Start of Dataset excerpts
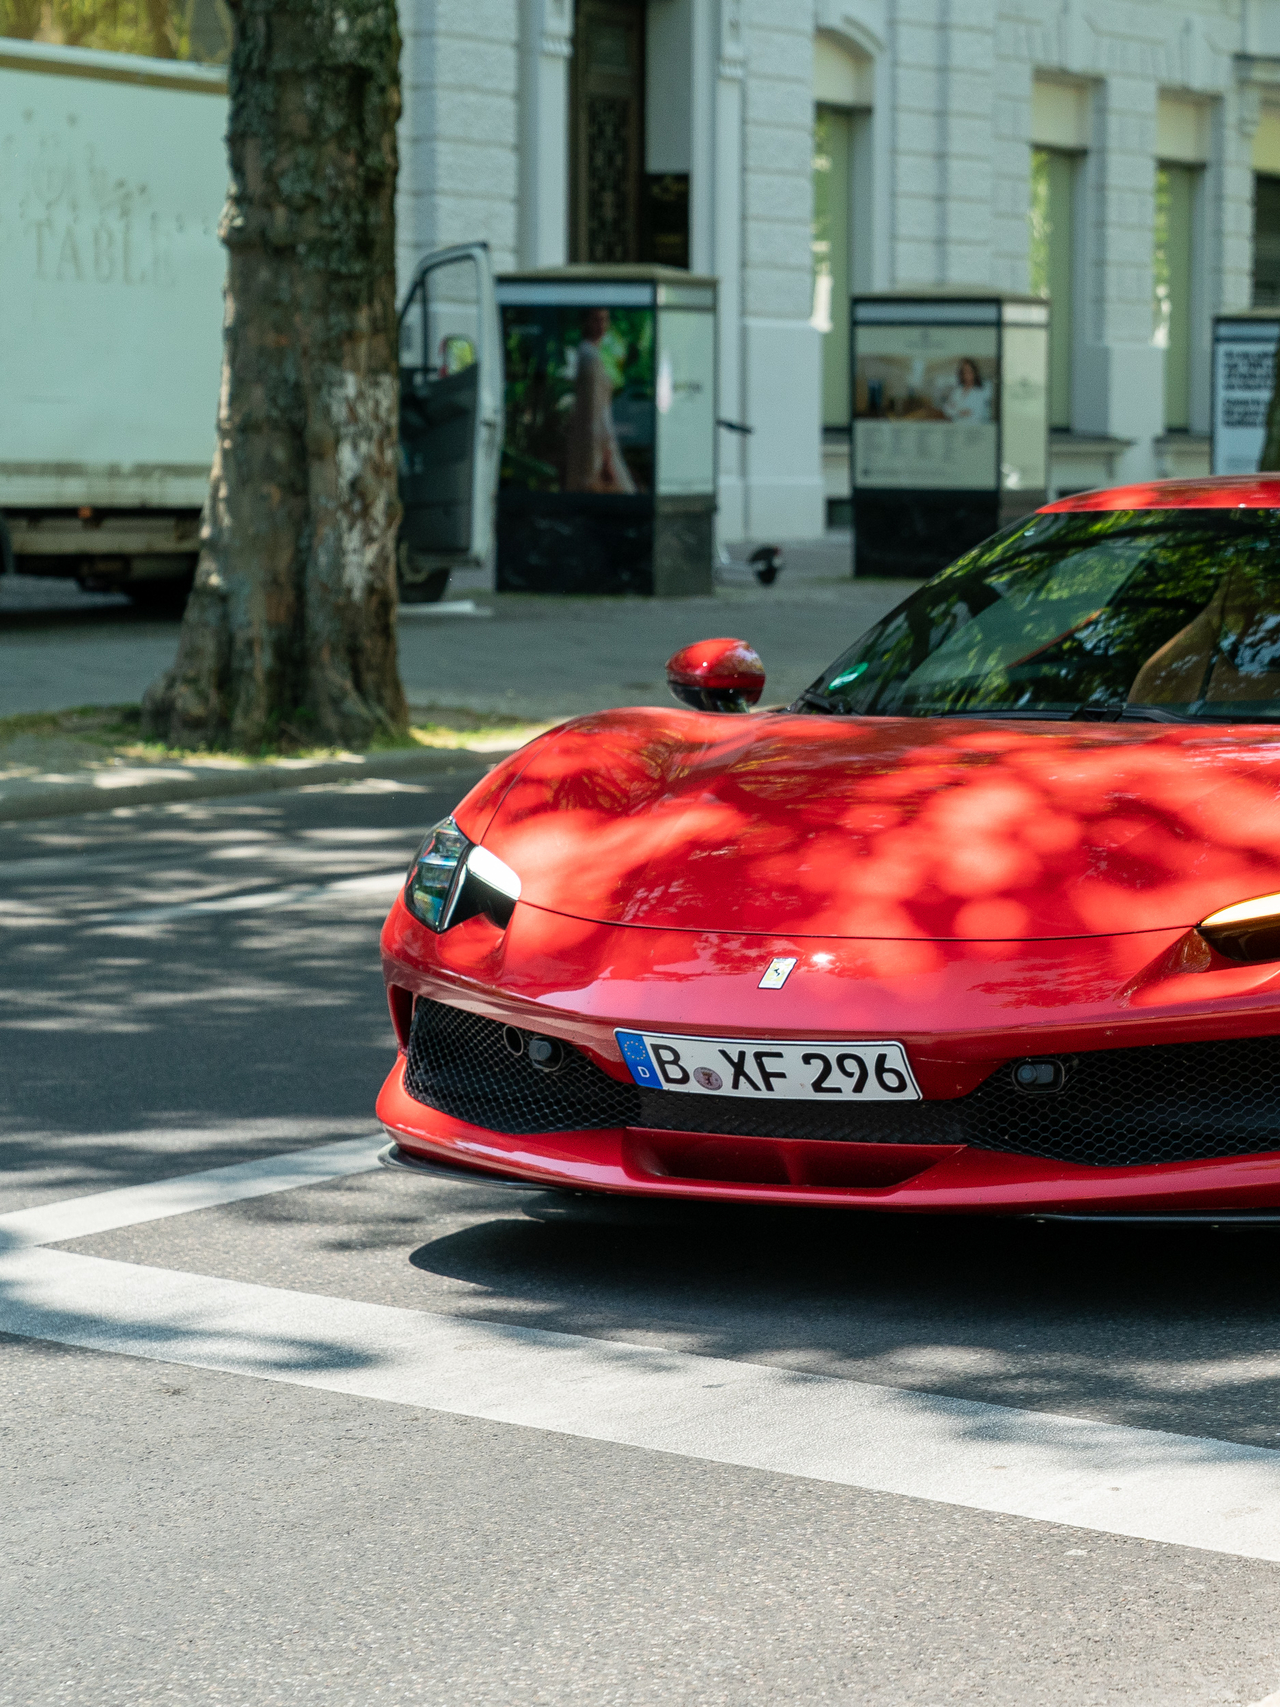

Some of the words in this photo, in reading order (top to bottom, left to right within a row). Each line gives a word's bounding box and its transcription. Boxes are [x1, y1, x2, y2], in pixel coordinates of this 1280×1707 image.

[638, 1066, 650, 1078] D
[650, 1043, 690, 1084] B
[718, 1049, 787, 1091] XF
[802, 1052, 907, 1093] 296
End of Dataset excerpts
Reproduce every entry word for word, but skip any pictures.

## Result of the exercise:
Some of the words in this photo, in reading order (top to bottom, left to right within a row). Each line gives a word's bounding box and its transcription. Boxes are [x1, y1, x2, y2], in pixel coordinates of this 1280×1707 image.

[638, 1066, 650, 1078] D
[650, 1043, 690, 1084] B
[718, 1049, 787, 1091] XF
[802, 1052, 907, 1093] 296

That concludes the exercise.